The entries below are to be repeated exactly, and their pictures left out.

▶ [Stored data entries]

* * * *

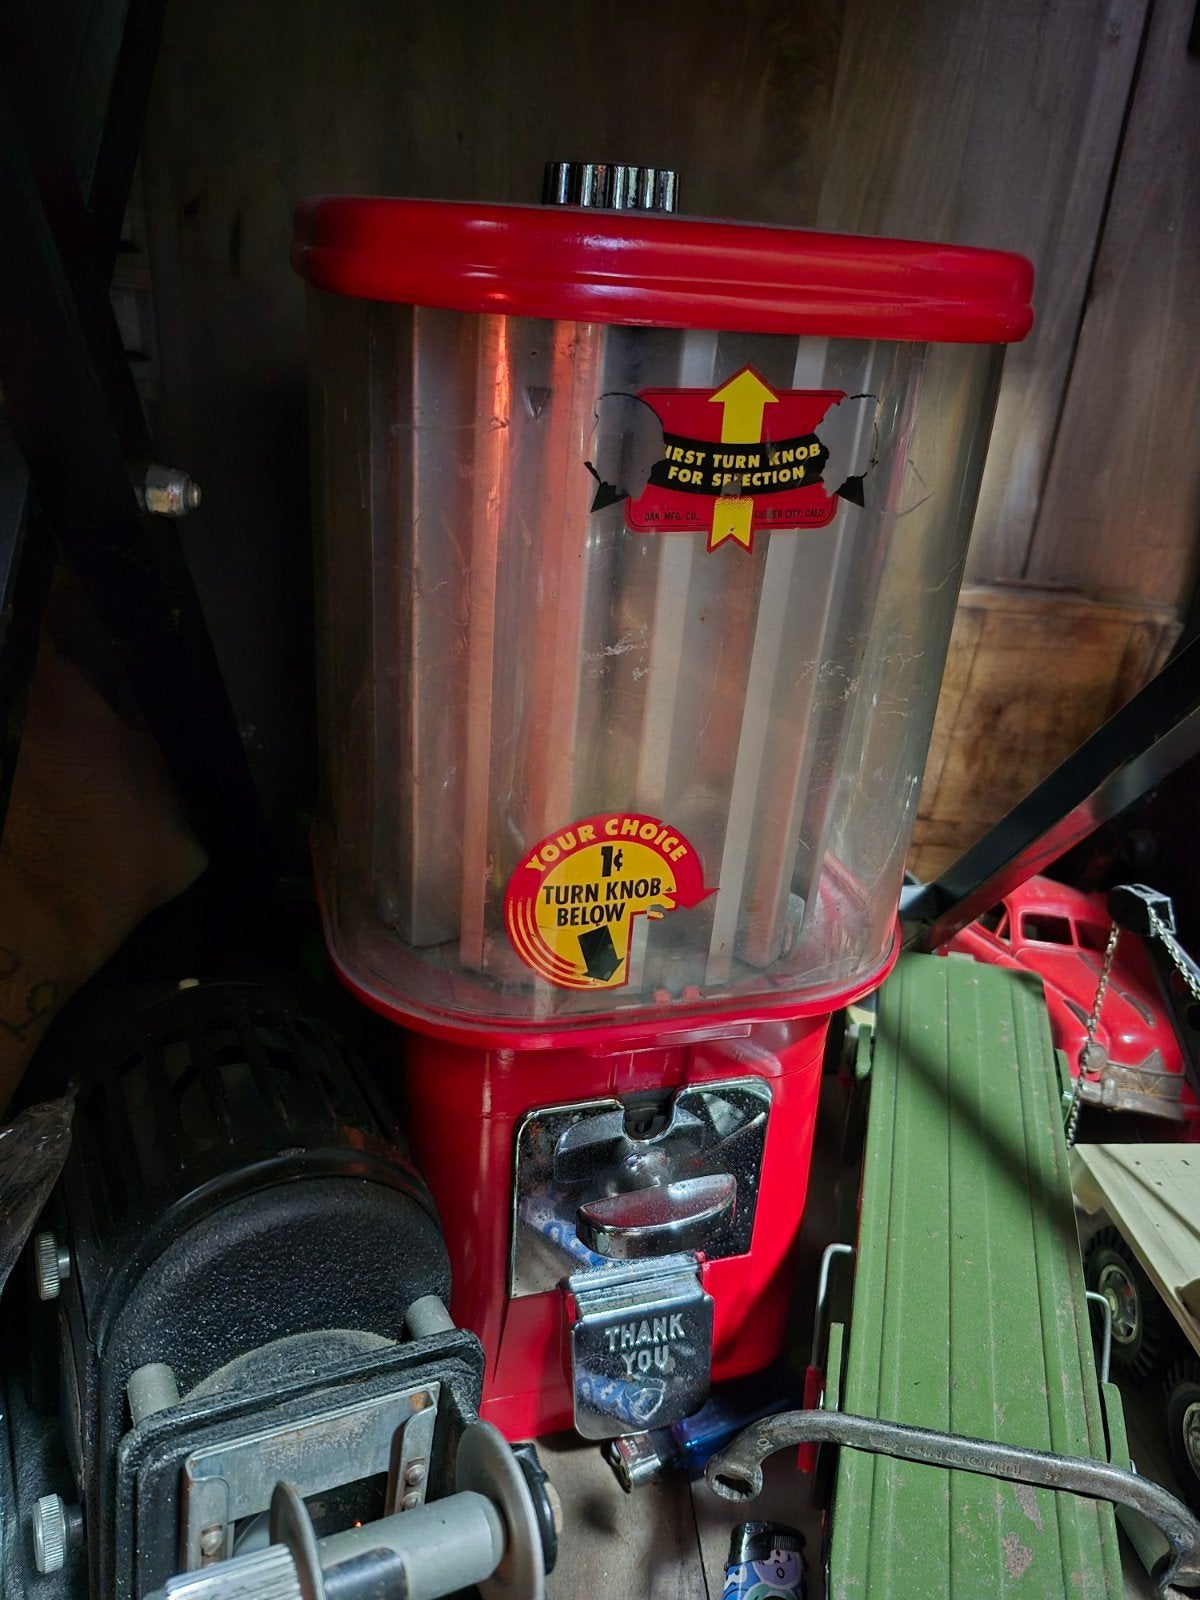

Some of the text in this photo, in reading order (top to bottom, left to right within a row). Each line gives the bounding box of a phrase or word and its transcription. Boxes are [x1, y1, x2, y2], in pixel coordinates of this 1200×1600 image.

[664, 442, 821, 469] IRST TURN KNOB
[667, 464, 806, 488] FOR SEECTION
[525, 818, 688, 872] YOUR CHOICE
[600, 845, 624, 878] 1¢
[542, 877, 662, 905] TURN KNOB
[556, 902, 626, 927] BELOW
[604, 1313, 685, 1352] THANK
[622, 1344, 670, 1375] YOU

* * * *

▶ [ANSWER AREA]
Some of the text in this photo, in reading order (top to bottom, left to right within a row). Each line gives the bounding box of a phrase or word and its transcription. Boxes are [x1, y1, x2, y2], in pixel coordinates of this 1200×1600 image.

[664, 442, 821, 469] IRST TURN KNOB
[667, 464, 806, 488] FOR SEECTION
[525, 818, 688, 872] YOUR CHOICE
[600, 845, 624, 878] 1¢
[542, 877, 662, 905] TURN KNOB
[556, 902, 626, 927] BELOW
[604, 1313, 685, 1352] THANK
[622, 1344, 670, 1375] YOU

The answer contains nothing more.